Stored items
********************
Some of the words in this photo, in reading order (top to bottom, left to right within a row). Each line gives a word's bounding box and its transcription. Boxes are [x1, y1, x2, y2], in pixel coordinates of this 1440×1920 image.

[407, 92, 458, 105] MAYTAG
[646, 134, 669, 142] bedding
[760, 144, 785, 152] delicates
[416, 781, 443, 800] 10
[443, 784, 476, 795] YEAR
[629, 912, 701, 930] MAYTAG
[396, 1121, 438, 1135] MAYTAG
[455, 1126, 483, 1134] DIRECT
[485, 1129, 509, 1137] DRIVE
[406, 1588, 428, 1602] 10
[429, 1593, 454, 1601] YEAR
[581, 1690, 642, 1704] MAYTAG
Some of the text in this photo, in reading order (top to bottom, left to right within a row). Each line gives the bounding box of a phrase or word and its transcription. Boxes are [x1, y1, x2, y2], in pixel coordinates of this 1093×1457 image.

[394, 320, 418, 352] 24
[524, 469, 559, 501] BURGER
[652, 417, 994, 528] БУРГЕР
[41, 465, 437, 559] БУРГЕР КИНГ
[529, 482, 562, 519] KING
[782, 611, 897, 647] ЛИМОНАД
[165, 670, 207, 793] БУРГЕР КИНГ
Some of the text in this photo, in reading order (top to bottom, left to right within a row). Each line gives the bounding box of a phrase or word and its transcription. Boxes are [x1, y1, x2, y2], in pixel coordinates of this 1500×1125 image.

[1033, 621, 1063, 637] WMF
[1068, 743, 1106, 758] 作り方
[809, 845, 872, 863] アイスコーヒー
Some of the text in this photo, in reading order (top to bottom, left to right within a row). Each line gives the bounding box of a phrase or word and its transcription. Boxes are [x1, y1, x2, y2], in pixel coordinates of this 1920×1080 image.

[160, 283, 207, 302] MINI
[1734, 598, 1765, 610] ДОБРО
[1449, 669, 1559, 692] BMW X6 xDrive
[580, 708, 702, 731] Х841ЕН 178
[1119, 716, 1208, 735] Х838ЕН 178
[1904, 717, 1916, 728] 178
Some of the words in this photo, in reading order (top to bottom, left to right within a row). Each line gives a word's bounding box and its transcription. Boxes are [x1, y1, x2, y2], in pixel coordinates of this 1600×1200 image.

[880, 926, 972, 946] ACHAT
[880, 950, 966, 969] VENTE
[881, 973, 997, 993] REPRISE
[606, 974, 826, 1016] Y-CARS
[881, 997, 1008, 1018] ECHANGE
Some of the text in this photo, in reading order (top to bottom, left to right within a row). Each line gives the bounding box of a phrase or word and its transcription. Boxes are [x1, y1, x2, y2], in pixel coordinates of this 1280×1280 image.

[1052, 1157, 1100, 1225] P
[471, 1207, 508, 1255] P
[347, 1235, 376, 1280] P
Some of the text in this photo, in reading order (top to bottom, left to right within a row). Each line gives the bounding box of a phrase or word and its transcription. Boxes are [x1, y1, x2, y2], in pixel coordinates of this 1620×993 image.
********************
→ Exercise requirements
The entries above must be retyped exactly, down to the last character.

→ Solution to the exercise
Some of the words in this photo, in reading order (top to bottom, left to right within a row). Each line gives a word's bounding box and its transcription. Boxes are [x1, y1, x2, y2], in pixel coordinates of this 1440×1920 image.

[407, 92, 458, 105] MAYTAG
[646, 134, 669, 142] bedding
[760, 144, 785, 152] delicates
[416, 781, 443, 800] 10
[443, 784, 476, 795] YEAR
[629, 912, 701, 930] MAYTAG
[396, 1121, 438, 1135] MAYTAG
[455, 1126, 483, 1134] DIRECT
[485, 1129, 509, 1137] DRIVE
[406, 1588, 428, 1602] 10
[429, 1593, 454, 1601] YEAR
[581, 1690, 642, 1704] MAYTAG
Some of the text in this photo, in reading order (top to bottom, left to right within a row). Each line gives the bounding box of a phrase or word and its transcription. Boxes are [x1, y1, x2, y2], in pixel coordinates of this 1093×1457 image.

[394, 320, 418, 352] 24
[524, 469, 559, 501] BURGER
[652, 417, 994, 528] БУРГЕР
[41, 465, 437, 559] БУРГЕР КИНГ
[529, 482, 562, 519] KING
[782, 611, 897, 647] ЛИМОНАД
[165, 670, 207, 793] БУРГЕР КИНГ
Some of the text in this photo, in reading order (top to bottom, left to right within a row). Each line gives the bounding box of a phrase or word and its transcription. Boxes are [x1, y1, x2, y2], in pixel coordinates of this 1500×1125 image.

[1033, 621, 1063, 637] WMF
[1068, 743, 1106, 758] 作り方
[809, 845, 872, 863] アイスコーヒー
Some of the text in this photo, in reading order (top to bottom, left to right within a row). Each line gives the bounding box of a phrase or word and its transcription. Boxes are [x1, y1, x2, y2], in pixel coordinates of this 1920×1080 image.

[160, 283, 207, 302] MINI
[1734, 598, 1765, 610] ДОБРО
[1449, 669, 1559, 692] BMW X6 xDrive
[580, 708, 702, 731] Х841ЕН 178
[1119, 716, 1208, 735] Х838ЕН 178
[1904, 717, 1916, 728] 178
Some of the words in this photo, in reading order (top to bottom, left to right within a row). Each line gives a word's bounding box and its transcription. Boxes are [x1, y1, x2, y2], in pixel coordinates of this 1600×1200 image.

[880, 926, 972, 946] ACHAT
[880, 950, 966, 969] VENTE
[881, 973, 997, 993] REPRISE
[606, 974, 826, 1016] Y-CARS
[881, 997, 1008, 1018] ECHANGE
Some of the text in this photo, in reading order (top to bottom, left to right within a row). Each line gives the bounding box of a phrase or word and its transcription. Boxes are [x1, y1, x2, y2], in pixel coordinates of this 1280×1280 image.

[1052, 1157, 1100, 1225] P
[471, 1207, 508, 1255] P
[347, 1235, 376, 1280] P
Some of the text in this photo, in reading order (top to bottom, left to right within a row). Each line gives the bounding box of a phrase or word and its transcription. Boxes are [x1, y1, x2, y2], in pixel coordinates of this 1620×993 image.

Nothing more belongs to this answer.